A baseball family in Pine Bluff, the Harrisons, Dale and Linda, moved their family to Bryant in 1985. Craig was playing college ball at Arkansas State, Tic was about to start his Bryant High School career and Jon (J-Bird) was a Little Leaguer. Ever since then, they’ve been involved to some degree in the Bryant Athletic Association and the youth baseball program.

Tic is sales manager at Priority Wire.

“I started about a month before I started coaching,” he mentioned. “I started in April at Priority and started coaching the Black Sox in May. I’ve actually been there so long, I don’t really have a title.”

He and his wife Michelle have two daughters, Keedy, 14, and Macy, 9.

Tic Harrison (Photo by Rick Nation)

Craig is vice-president, finance and accounting, at Axciom.

“I’m in charge of all the company contracts for material contracts for $500,000 and over,” he said. “I have to read all of those and get them approved internally and by our auditors.
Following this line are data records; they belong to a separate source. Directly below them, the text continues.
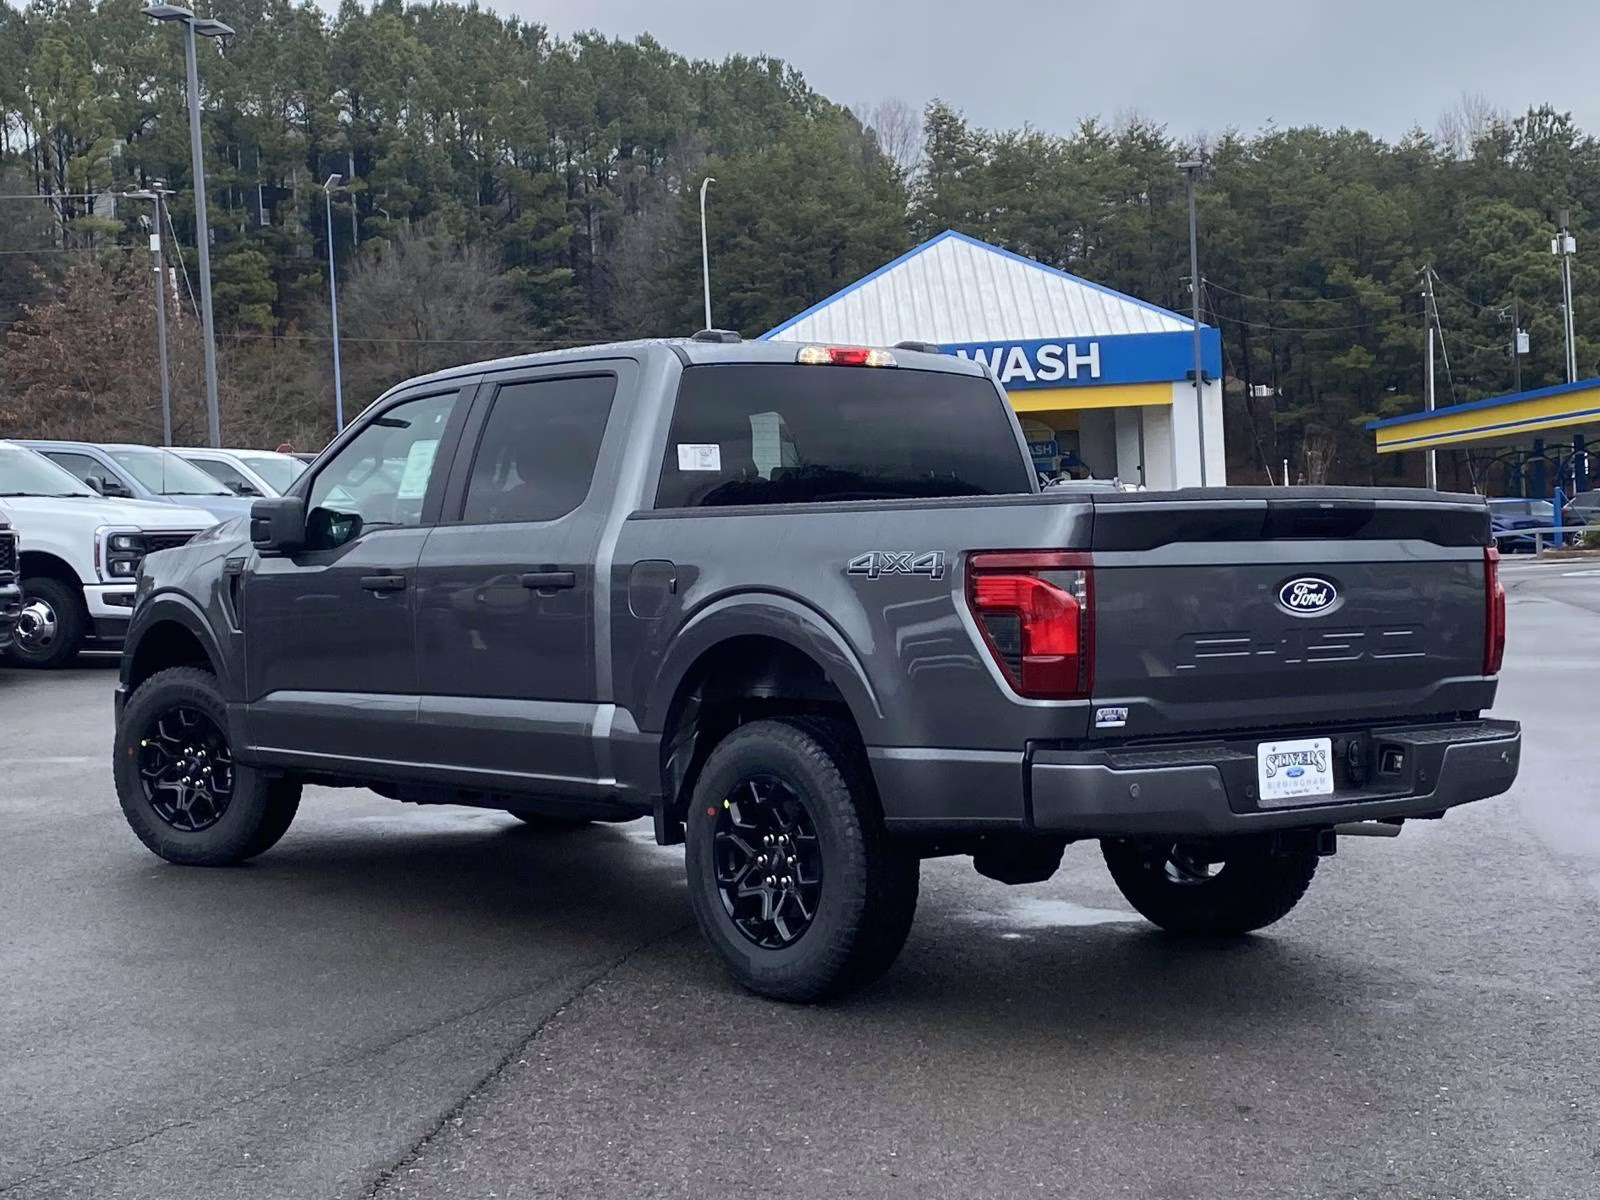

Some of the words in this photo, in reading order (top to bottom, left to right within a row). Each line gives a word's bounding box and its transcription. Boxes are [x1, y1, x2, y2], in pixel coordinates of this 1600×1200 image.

[956, 342, 1101, 383] WASH
[1029, 444, 1053, 455] ASH
[1290, 582, 1328, 606] Ford
[1266, 750, 1326, 778] STIVERS
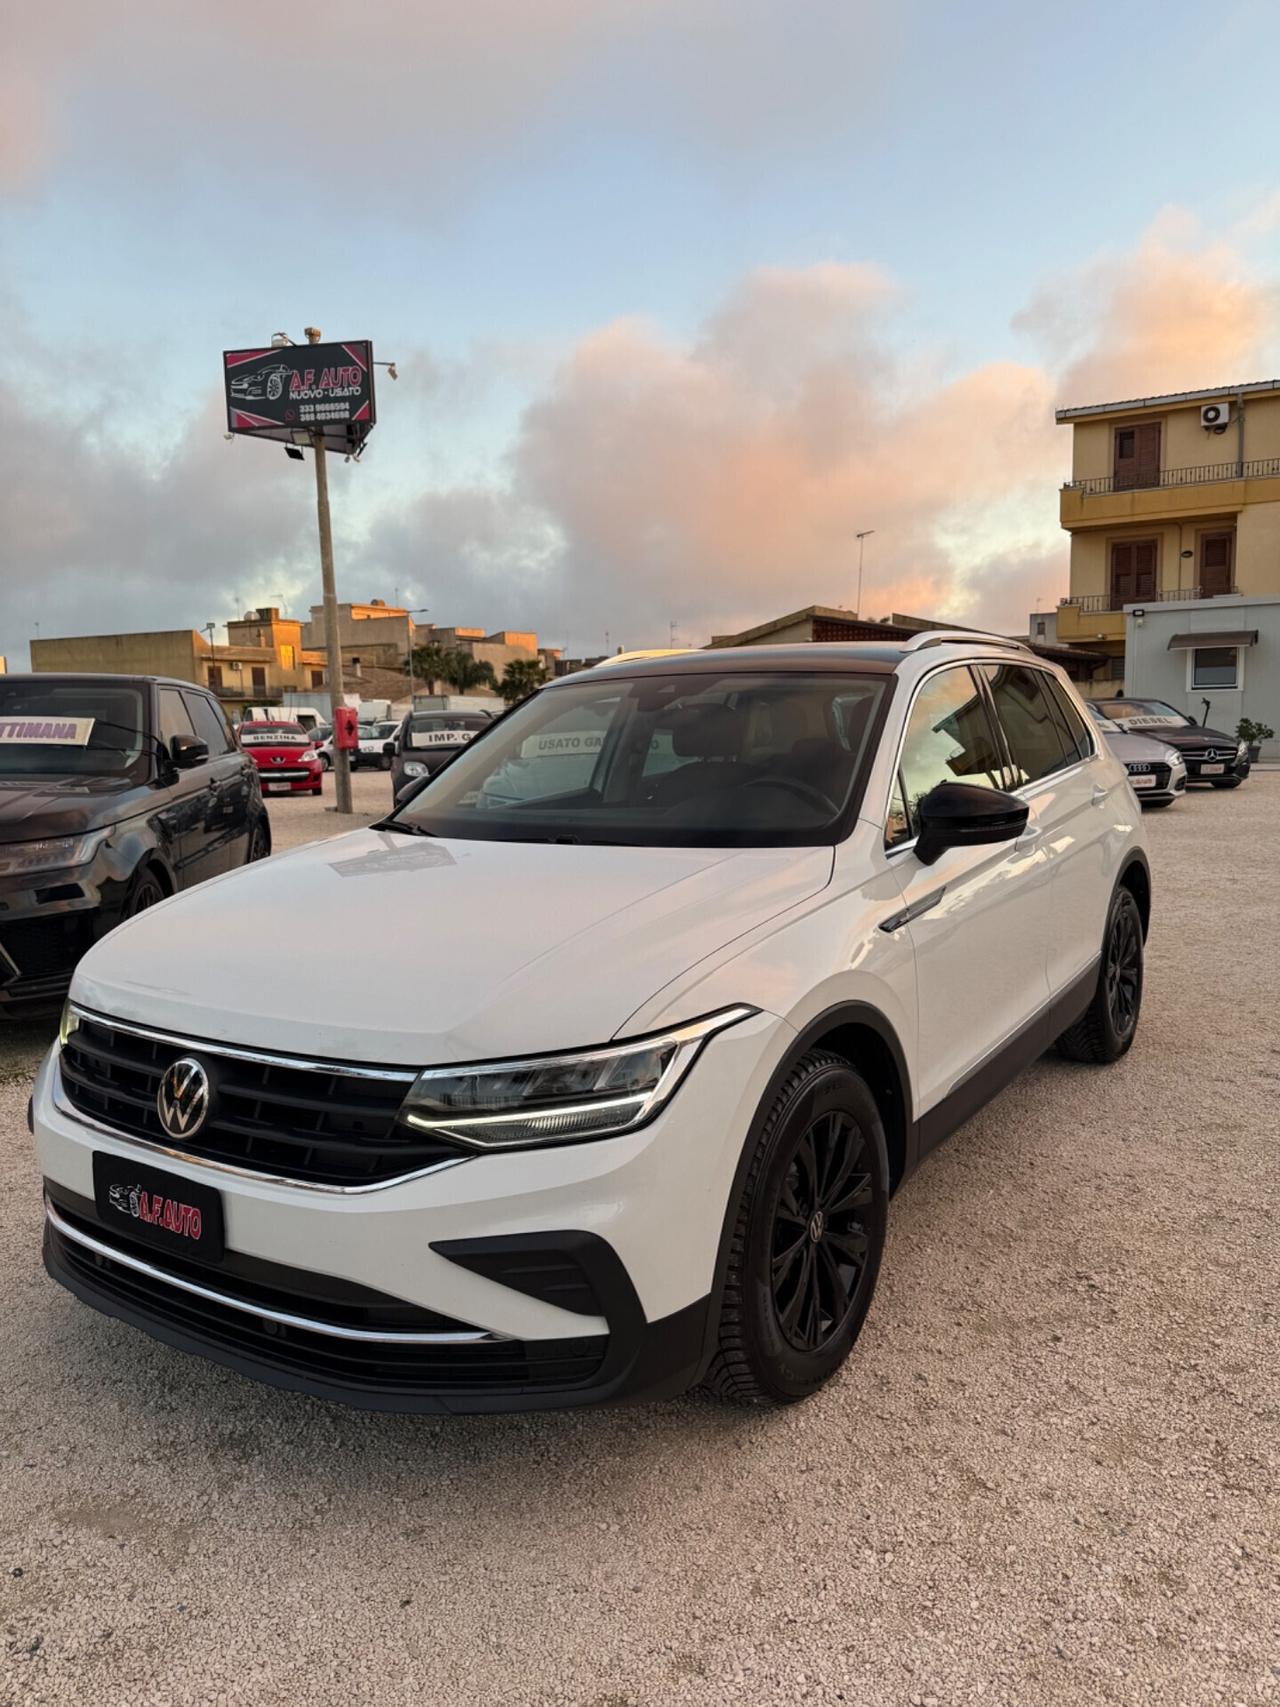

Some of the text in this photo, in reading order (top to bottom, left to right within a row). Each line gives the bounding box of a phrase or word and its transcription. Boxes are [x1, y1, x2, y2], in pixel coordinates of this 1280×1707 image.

[319, 365, 362, 388] AUTO
[289, 386, 361, 400] NUOVO USATO
[1129, 716, 1173, 725] DIESEL
[429, 733, 471, 742] IMP. G
[538, 736, 581, 750] USATO
I’m in charge of our sales area, helping our sales guys. Under new leadership at the company, his job included some worldwide travel.

“In the last 18 months, I’ve gone to Shanghai, Sydney, Paris, Amsterdam and London, Sao Paola, Buenas Aires,” he recounted. “At the time, all of our accountants were under me in all of our non-U.S. operations. Now, we’ve flipped some things around because that got to be too much. So, I’m not traveling as much. I went to Brazil just to help because I have some acquisition training in my background. We’ve bought a company down there. That was in January.”

Craig and Sheryl have been married since 2003.

“I’m a grandparent,” he said proudly. “My oldest son Justin and his fiancée have a little girl Gracyn, born last June. My other step-son Drew is a senior at UAM. Justin’s passed his CPA so he’s accountant in Little Rock. Drew made all A’s this semester, majoring in accounting too. Their natural dad is an accountant and their step-dad’s an accountant so they’ve got a long life ahead of them.”

Earlier this week, Craig and Tic engaged in separate Q&A sessions:

BryantDaily.com: What went into your decision to not coach the Black Sox this year?

Tic: “Craig and I had always said that if one of us burned out or needed to quit for whatever reason, whether it was work, family or any reason, then we would both quit. So, he had some opportunities at work he felt like he needed to pursue. And, quite honestly, with the economy the way it was last year, it really kind of made you, anybody take inventory of your own job. It made some of your hobbies like coaching baseball — not less important — but you put a little more emphasis on what’s paying the bills.

“Craig did that and I did that too, maybe not with the travel that he’s been doing but just in general. It kind of made you realize that this is what’s important and baseball kind of took a backseat to that when you look at it that way.”

Craig: “First, let me say that coaching Legion ball is as big a part of my life as being an accountant or whatever. It defines who I have been. So it wasn’t an easy decision. But when we got to the point where you’re not wanting to go to the field, really — and not because of players, but because of time commitment or knowing when you get home you’re going to have to get on the internet and work, and that you’re going to have to get to the office at 7:30 the next morning.

“We’ve got a different crew at Acxiom than we had three years ago. So it’s been coming on. The 2007 season, I thought would be it because I was in the hotels and working and doing all that stuff. But we were so good. I mean, you can’t win a Regional and not come back. Then the 2008 season was just about the opposite. I thought we had a chance and we didn’t play as good and I knew we had everybody coming back. So, it was kind of all involved there but it was to a point there where I said, ‘Okay, I can’t say we’re done and then . . . ‘ You can’t cry, ‘Wolf’ every year. You, at some point, have to do it.“And really, I haven’t had any regrets. I’ve really enjoyed this spring with the (Bryant High School) ball team, especially the last four weeks, and not having to worry about what’s it mean, who’s playing, who’s not, who’s going to be gone for all-star games and all that.”

BryantDaily.com: When you look back on it, what do you remember most fondly about it?

Tic: “The players, that’s what makes it hard to leave it. I’m still really close friends with past players. They’re some of my best friends, hunting friends and fishing friends. I work with one of them. I still do a lot of things with guys that were past players and talk to them a lot, knowing that you can keep a steady crop of those kinds of relationships coming if you continue to coach. Quitting, you’re cutting that off as far as making friends and some of them could be lifelong-type friends.”

Craig: “There’s not just one moment. I have a room in my house and you start in one corner and it’s 1995. And by the time you work your way around, it’s 2009 over there. Every year, it has a scrapbook with newspaper articles or pictures that have been made and the stats for each team. So, what sticks out the most is all of it.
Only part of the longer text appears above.